Analysis of nonlinear modes of variation for functional data

TL;DR

This paper introduces a new variance analysis method for functional data that captures nonlinear modes of variation, providing more interpretable insights than traditional PCA, with applications in biological data analysis.

Contribution

The paper develops a novel variance decomposition technique for functional data that accounts for nonlinear modes using differential geometry, enhancing interpretability.

Findings

Method successfully applied to biological data

Allows comparison of genetic tradeoffs

Quantifies effects of selection on evolution

Abstract

A set of curves or images of similar shape is an increasingly common functional data set collected in the sciences.
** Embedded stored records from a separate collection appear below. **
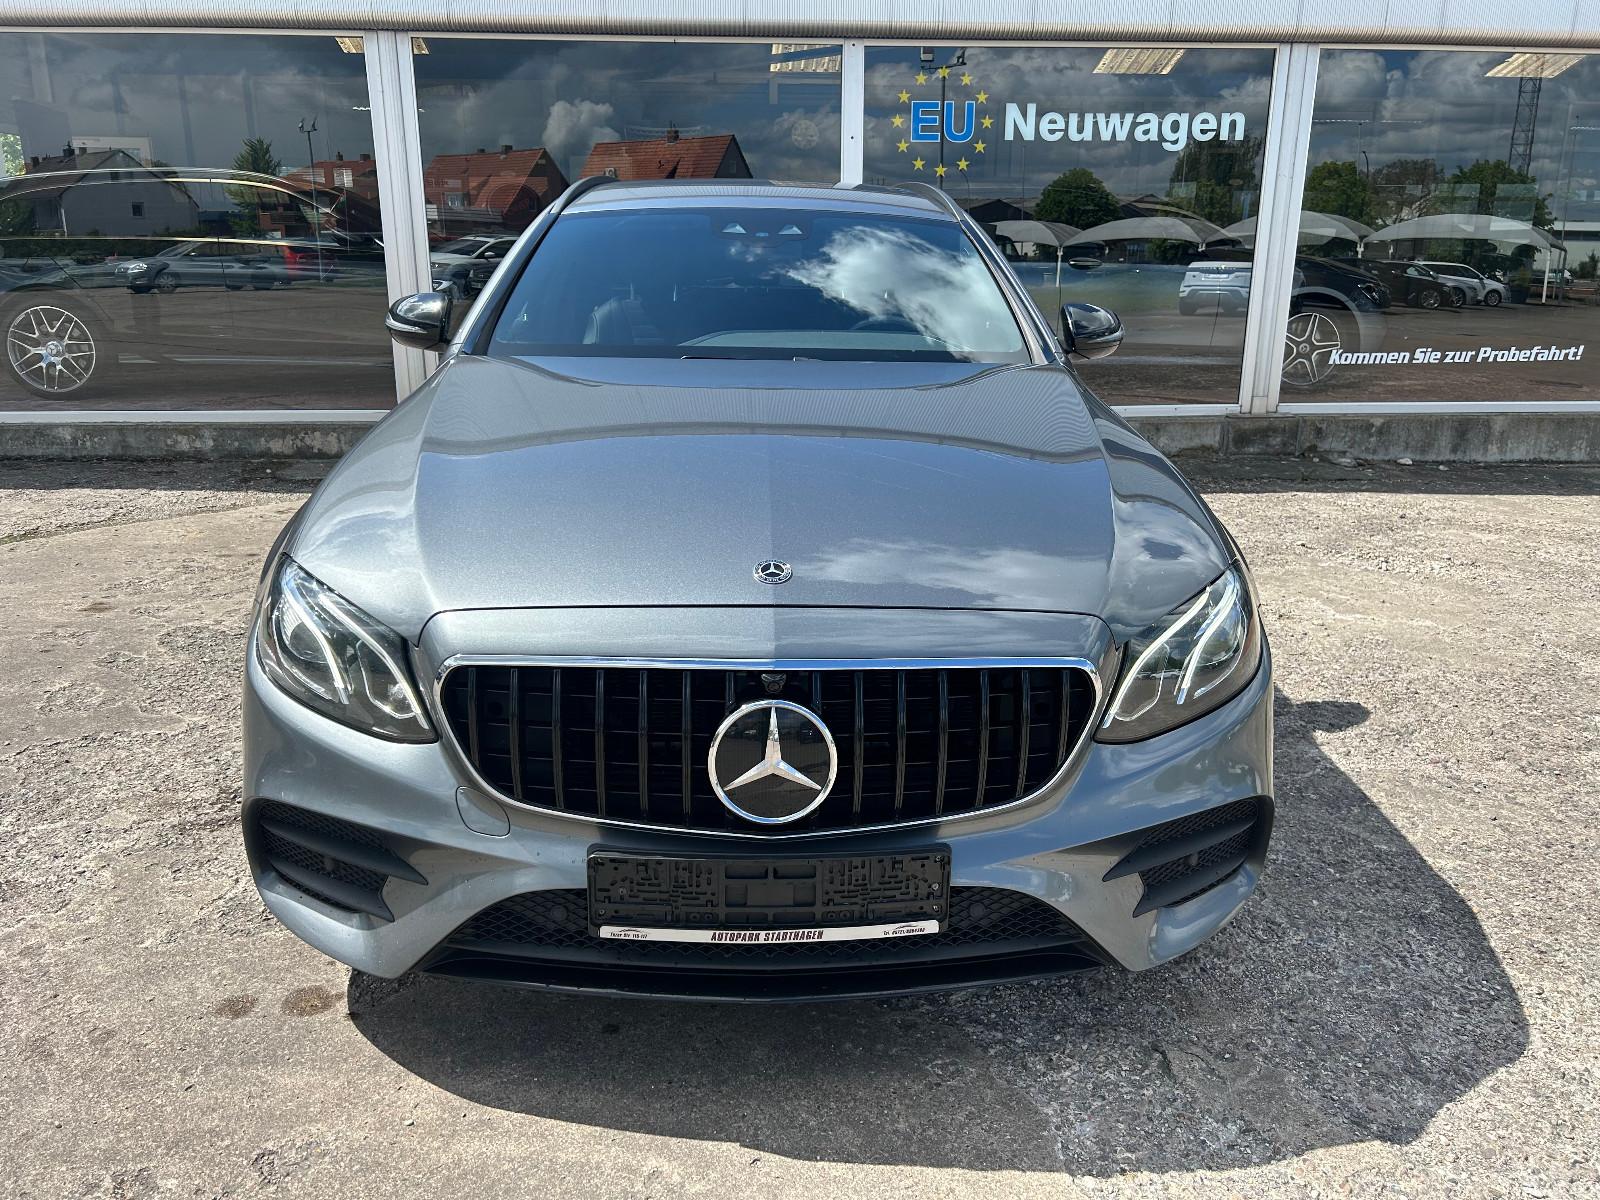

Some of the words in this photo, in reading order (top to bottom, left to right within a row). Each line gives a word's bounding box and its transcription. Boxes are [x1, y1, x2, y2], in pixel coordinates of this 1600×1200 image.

[911, 101, 975, 143] EU
[1004, 102, 1246, 152] Neuwagen
[1328, 349, 1409, 365] Kommen
[1412, 347, 1440, 364] Sie
[1443, 349, 1475, 364] zur
[1476, 345, 1584, 363] Probefahrt!
[711, 931, 760, 942] AUTOPARK
[763, 930, 824, 941] STADTHAGEN
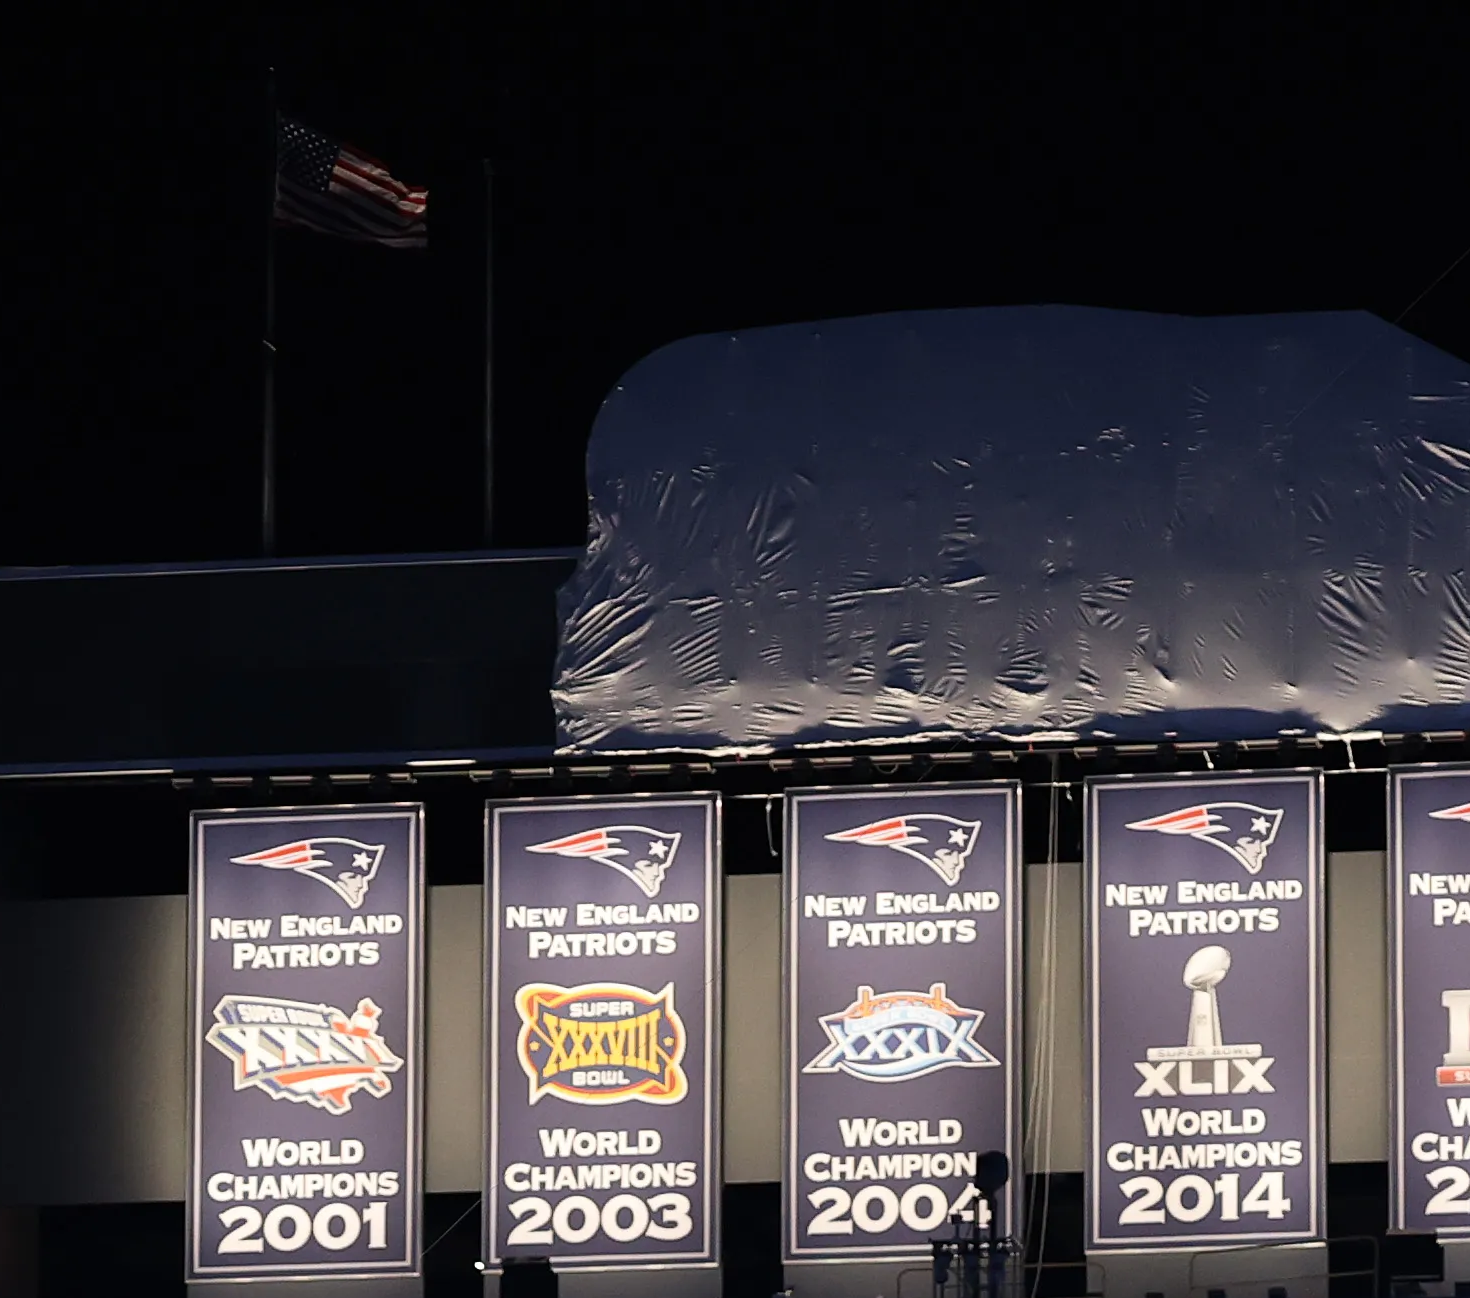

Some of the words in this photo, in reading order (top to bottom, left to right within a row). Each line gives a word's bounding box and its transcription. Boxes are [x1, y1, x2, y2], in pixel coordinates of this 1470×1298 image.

[805, 894, 868, 918] NEW
[876, 890, 1000, 914] ENGLAND
[1105, 883, 1168, 907] NEW
[1177, 880, 1302, 904] ENGLAND
[210, 917, 270, 940] NEW
[280, 914, 403, 937] ENGLAND
[506, 905, 568, 929] NEW
[576, 902, 698, 925] ENGLAND
[1129, 908, 1279, 937] PATRIOTS
[529, 931, 676, 958] PATRIOTS
[828, 919, 976, 948] PATRIOTS
[233, 942, 380, 970] PATRIOTS
[569, 1001, 635, 1018] SUPER
[541, 1015, 661, 1075] XXXVIII
[814, 1020, 987, 1067] XXXIX
[571, 1070, 631, 1087] BOWL
[1134, 1058, 1275, 1097] XLIX
[839, 1118, 962, 1147] WORLD
[1142, 1108, 1266, 1137] WORLD
[241, 1138, 364, 1167] WORLD
[539, 1128, 661, 1158] WORLD
[1107, 1140, 1302, 1171] CHAMPIONS
[504, 1162, 696, 1191] CHAMPIONS
[804, 1152, 976, 1182] CHAMPION
[207, 1172, 399, 1201] CHAMPIONS
[1119, 1172, 1291, 1224] 2014
[218, 1202, 387, 1253] 2001
[507, 1193, 692, 1245] 2003
Principal Component Analysis (PCA) is the most widely used technique to decompose variation in functional data. However, the linear modes of variation found by PCA are not always interpretable by the experimenters. In addition, the modes of variation of interest to the experimenter are not always linear. We present in this paper a new analysis of variance for Functional Data. Our method was motivated by decomposing the variation in the data into predetermined and interpretable directions (i.e. modes) of interest. Since some of these modes could be nonlinear, we develop a new defined ratio of sums of squares which takes into account the curvature of the space of variation. We discuss, in the general case, consistency of our estimates of variation, using mathematical tools from differential geometry and shape statistics. We successfully applied our method to a motivating example of biological data. This decomposition allows biologists to compare the prevalence of different genetic tradeoffs in a population and to quantify the effect of selection on evolution.